Nach zwei erfolgreichen Jahren in den USA mit dem Gewinn der TransAm-Meisterschaft und sieben Siegen in der IMSA GTO-Serie stellte sich Audi in der internationalen Deutschen Tourenwagen-Meisterschaft `DTM´ mit dem Audi V8 mit quattro-Antrieb der Konkurrenz von BMW, Mercedes, Opel und Toyota.
Als Fahrer kam zunächst Hans-Joachim Stuck, später noch Walter Röhrl und, beim letzten Rennen, Frank Jelinski zum Einsatz.

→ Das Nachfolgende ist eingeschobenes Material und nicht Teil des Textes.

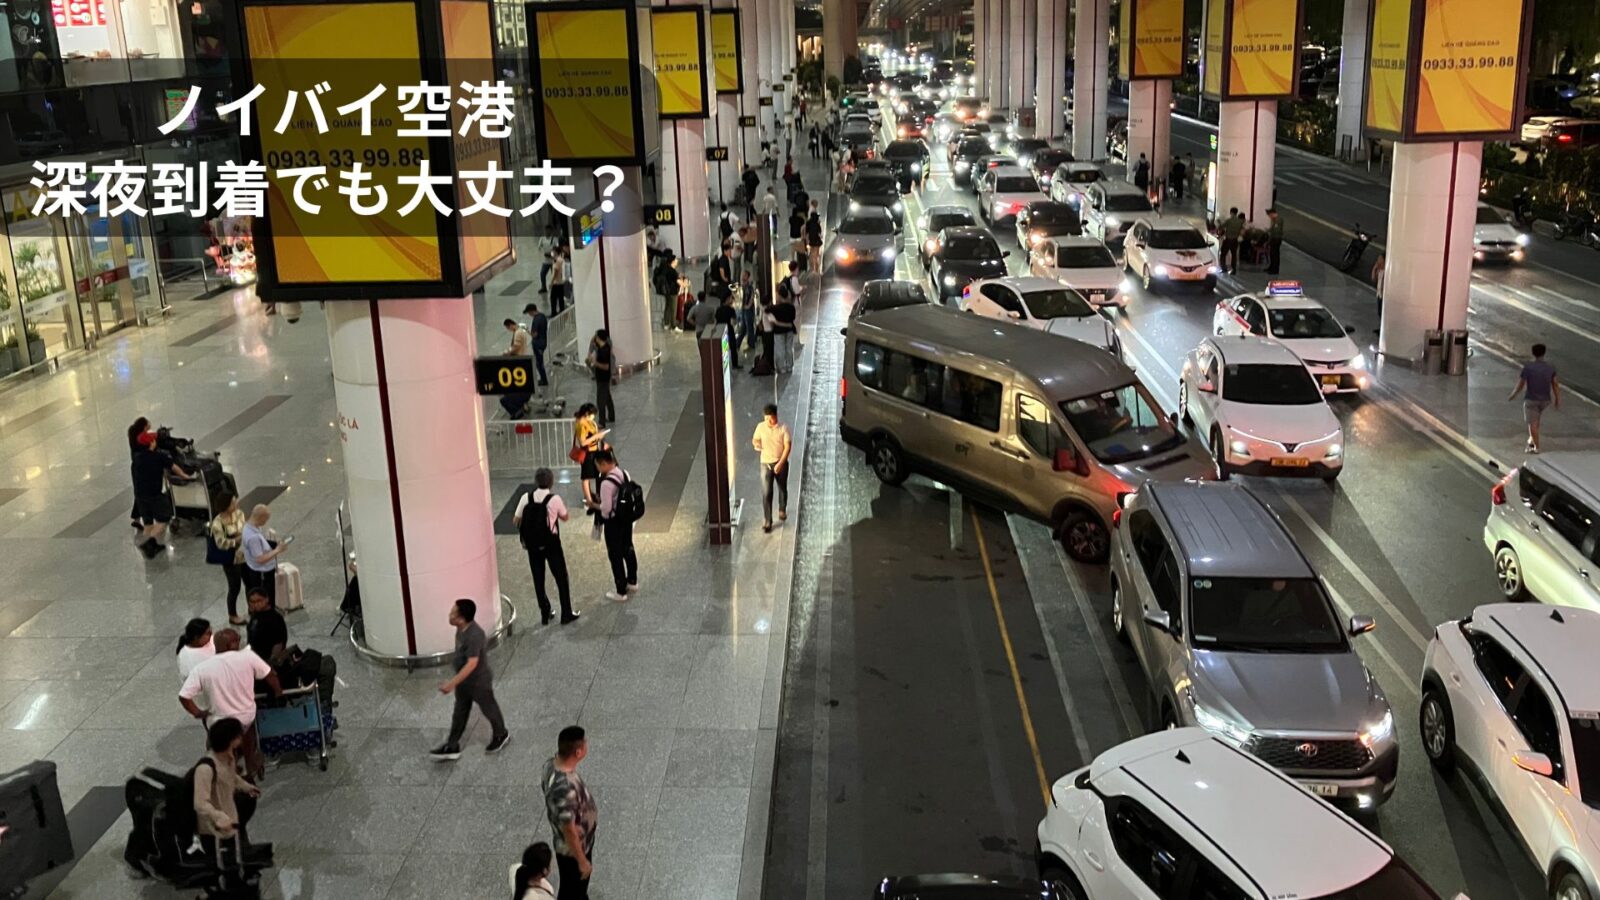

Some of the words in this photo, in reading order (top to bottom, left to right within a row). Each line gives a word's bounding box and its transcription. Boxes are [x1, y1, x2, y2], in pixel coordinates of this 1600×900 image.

[1424, 56, 1514, 71] 0933.33.99.88
[267, 148, 425, 170] 0933.3399.88
[714, 149, 726, 159] 07
[655, 208, 672, 222] 08
[498, 367, 527, 387] 09

Der Audi V8 quattro wurde bei Audi in Ingolstadt aufgebaut und unter der Regie des erfolgreichen Audi Tuners Schmidt Motorsport an den Start gebracht.

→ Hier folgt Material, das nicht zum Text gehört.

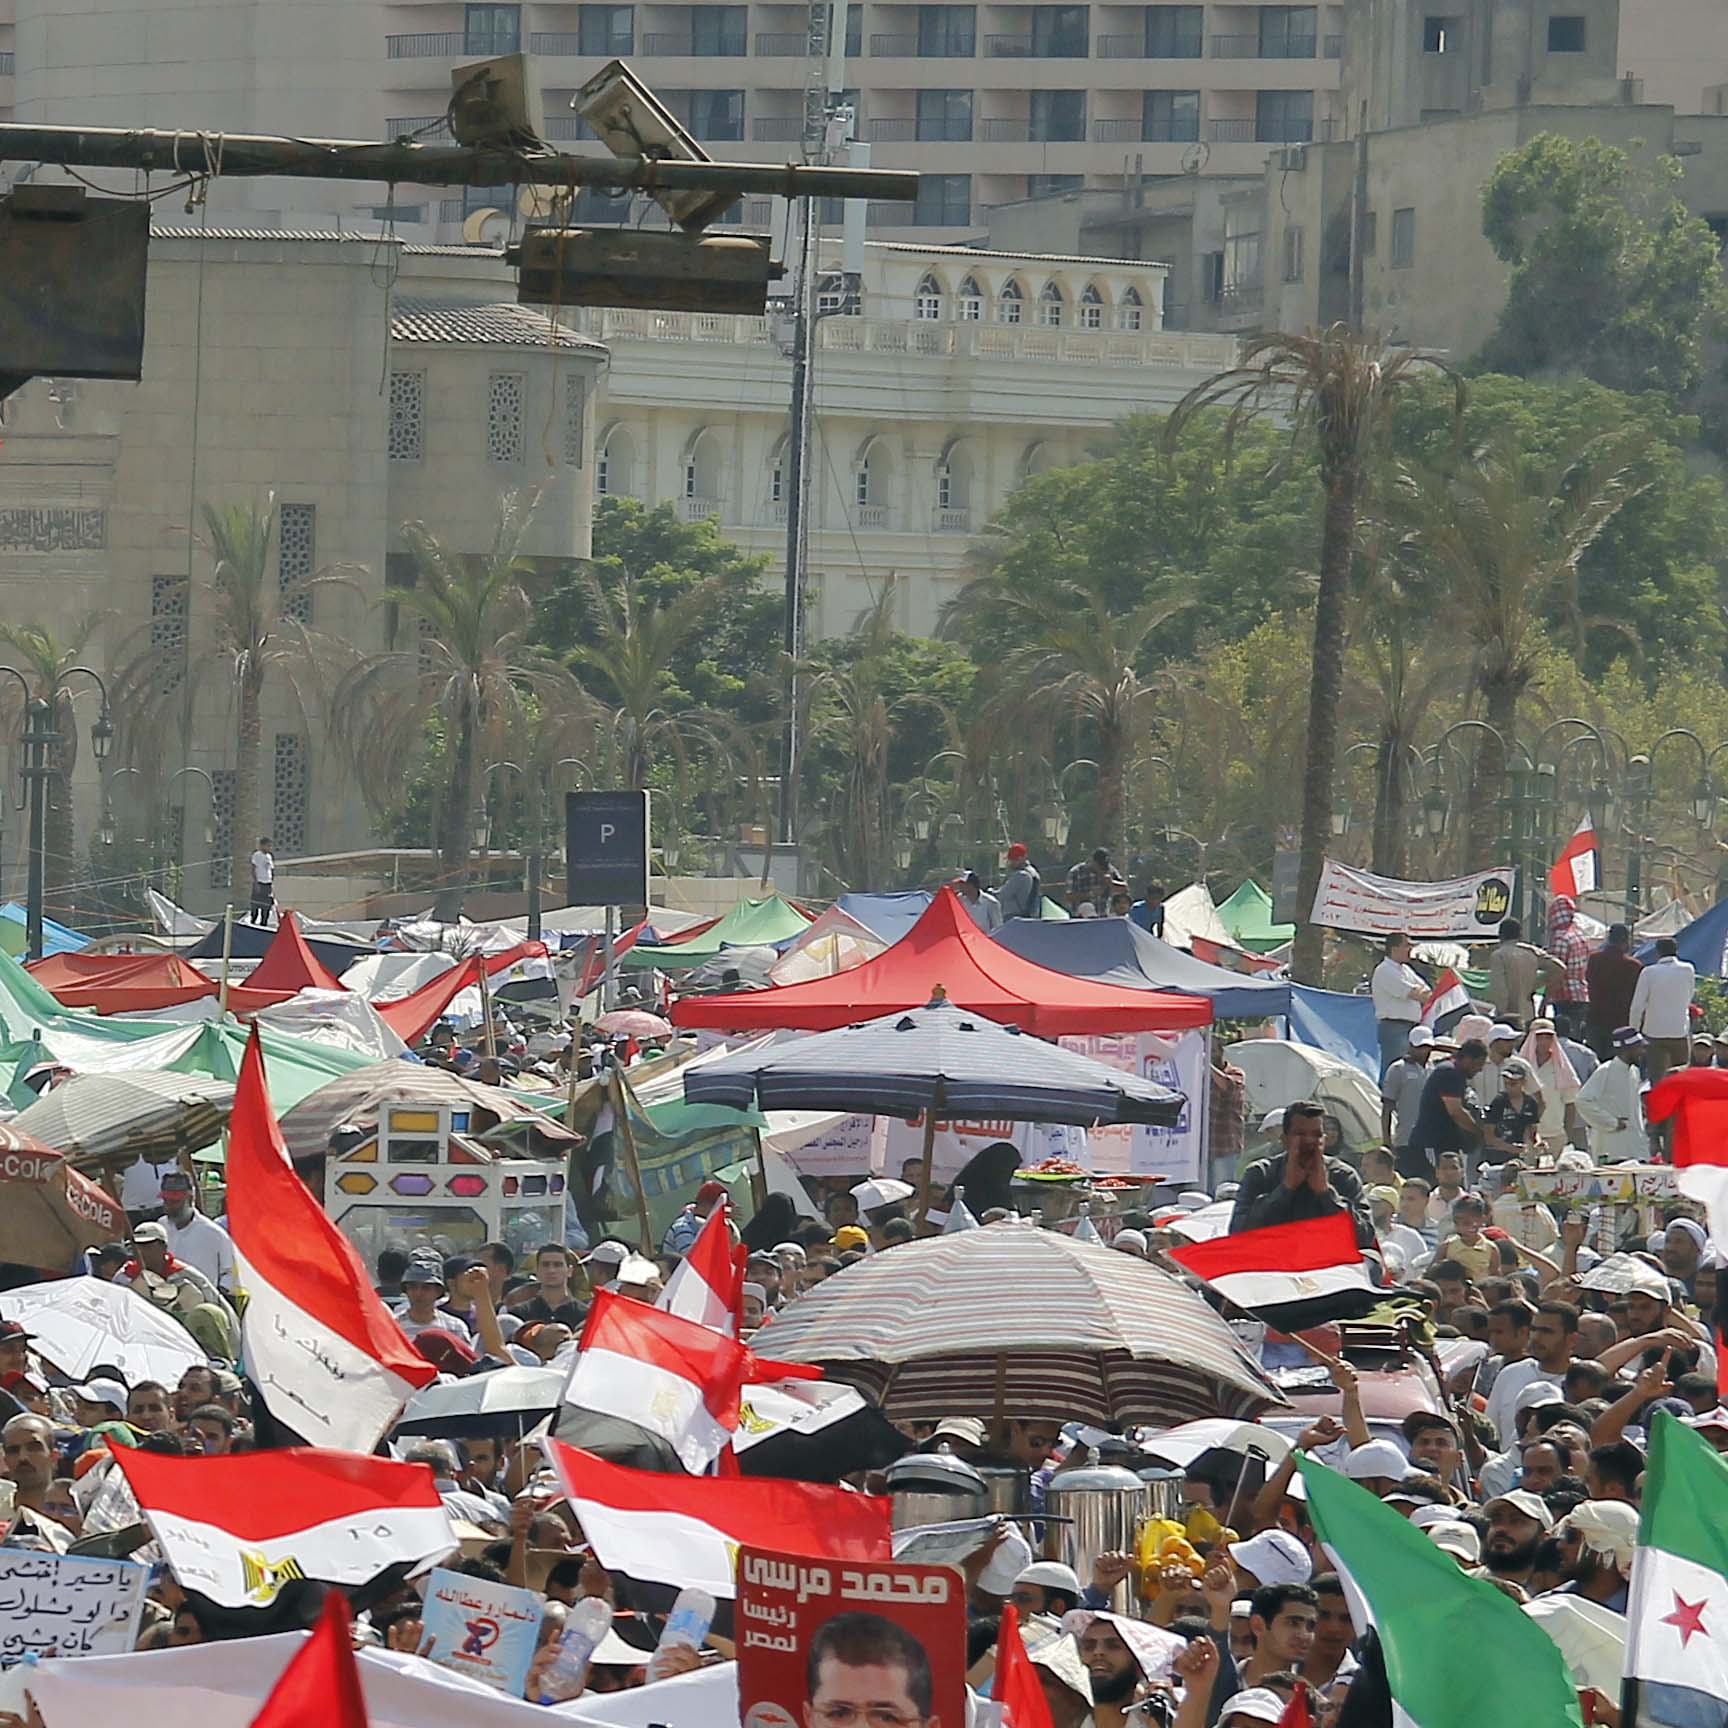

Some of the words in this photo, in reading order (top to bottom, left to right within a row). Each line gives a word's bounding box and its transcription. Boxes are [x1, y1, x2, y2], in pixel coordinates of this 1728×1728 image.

[600, 823, 616, 844] P
[117, 1565, 132, 1592] يا
[743, 1555, 833, 1604] مرسى
[840, 1567, 949, 1605] محمد
[62, 1625, 104, 1652] كان
[742, 1628, 799, 1653] لمصر

Das Mindestgewicht des Fahrzeugs wurde zunächst gemäß dem Handicap-Regelement der DTM auf 1220 kg festgesetzt, von der Sportbehörde aber zweimal geändert.

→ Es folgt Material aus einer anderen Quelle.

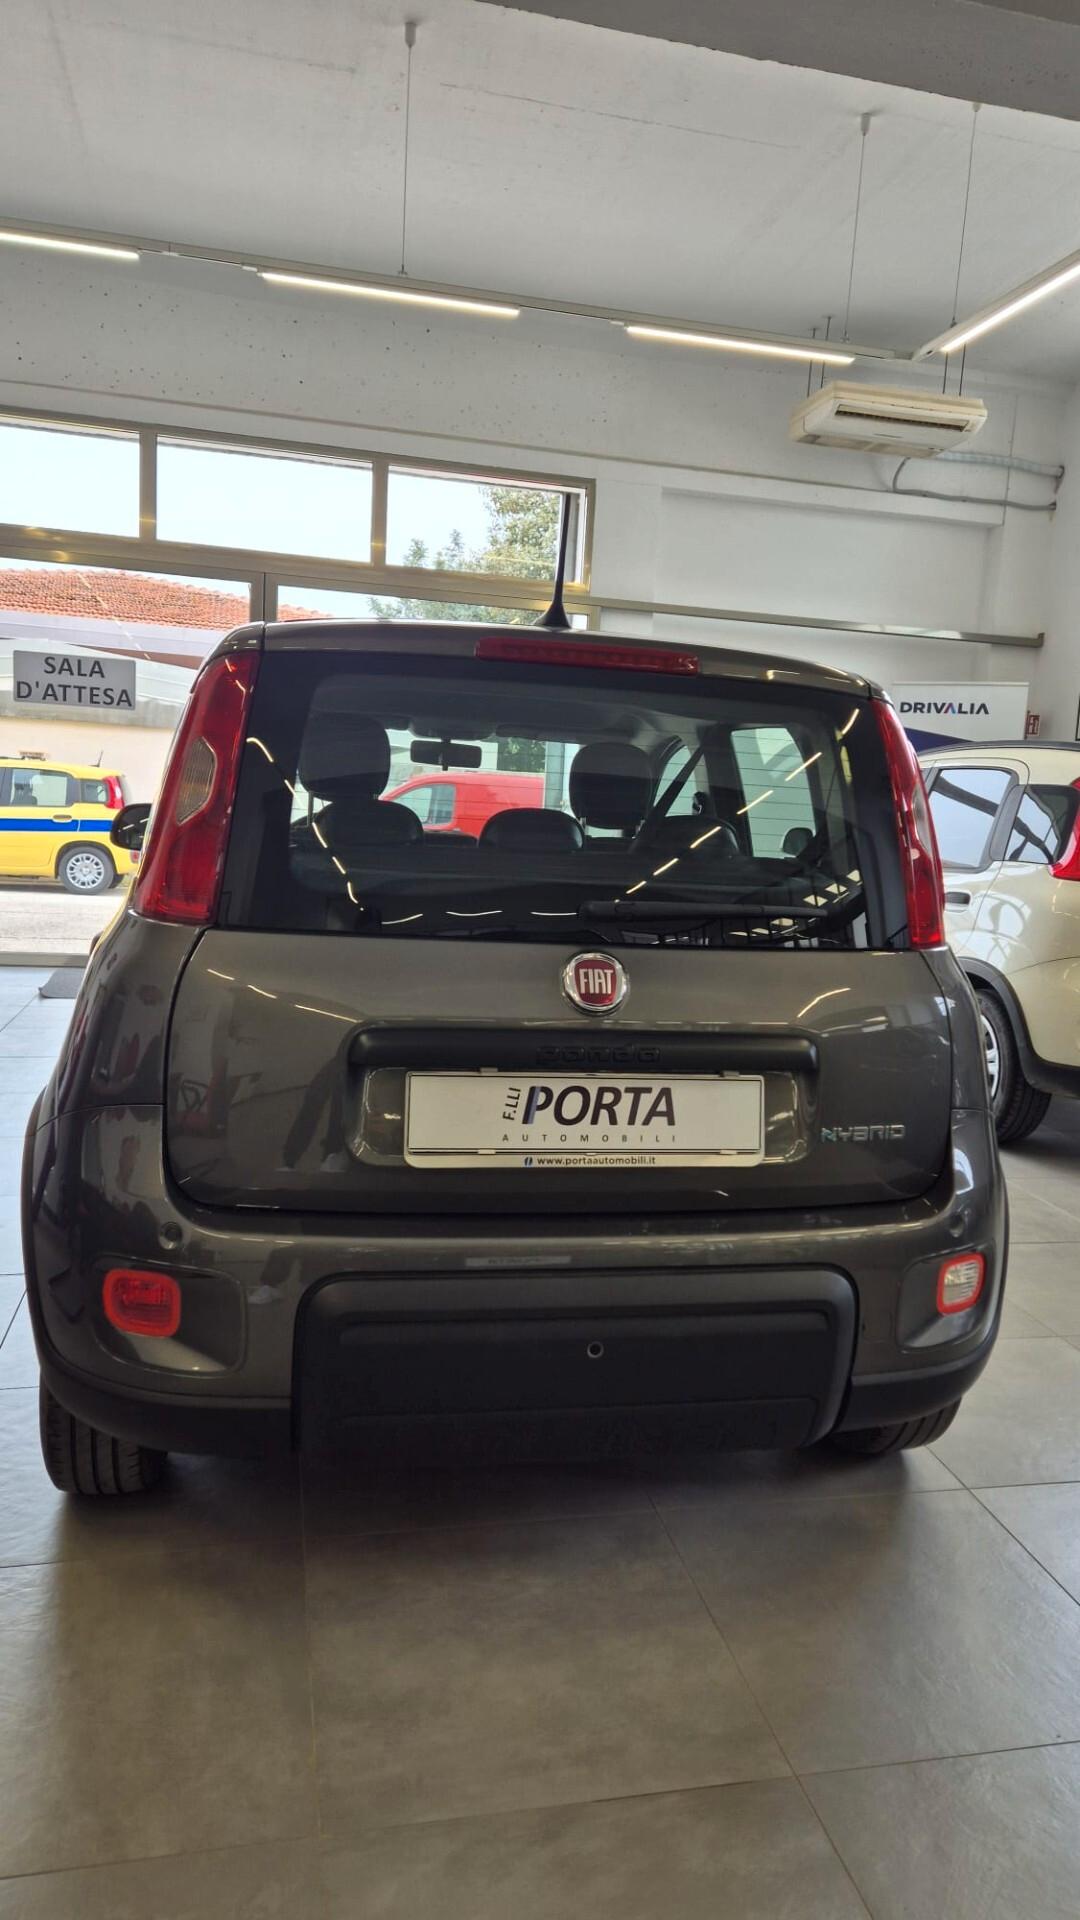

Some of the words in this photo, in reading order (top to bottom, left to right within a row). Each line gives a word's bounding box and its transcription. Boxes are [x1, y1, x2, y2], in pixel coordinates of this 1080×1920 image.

[44, 656, 105, 678] SALA
[16, 680, 132, 707] D'ATTESA
[900, 702, 989, 715] DRIVALIA
[579, 968, 613, 994] FIAT
[502, 1087, 521, 1121] F.LLI
[522, 1085, 676, 1126] PORTA
[502, 1134, 676, 1143] AUTOMOBILI
[537, 1156, 656, 1166] www.portaautomobili.it

Dem Umweltschutz zuliebe wurde in der DTM mit Lärmbegrenzung, bleifreiem Benzin und, 1990 erstmals, mit Katalysator, gefahren. Hans-Joachim Stuck hatte mit dem Audi V8 quattro in der Saison 1990 bereits fünf Siege gefeiert - mehr als jeder seiner Konkurrenten - während sein Teamkollege Walter Röhrl einen weiteren Audi-Erfolg beisteuerte.
Mit voller Unterstützung seiner Teamkollegen Röhrl und Jelinski gewann Stuck auch die beiden letzten Rennen auf dem Hockenheimring und damit die Deutsche Tourenwagen-Meisterschaft 1990.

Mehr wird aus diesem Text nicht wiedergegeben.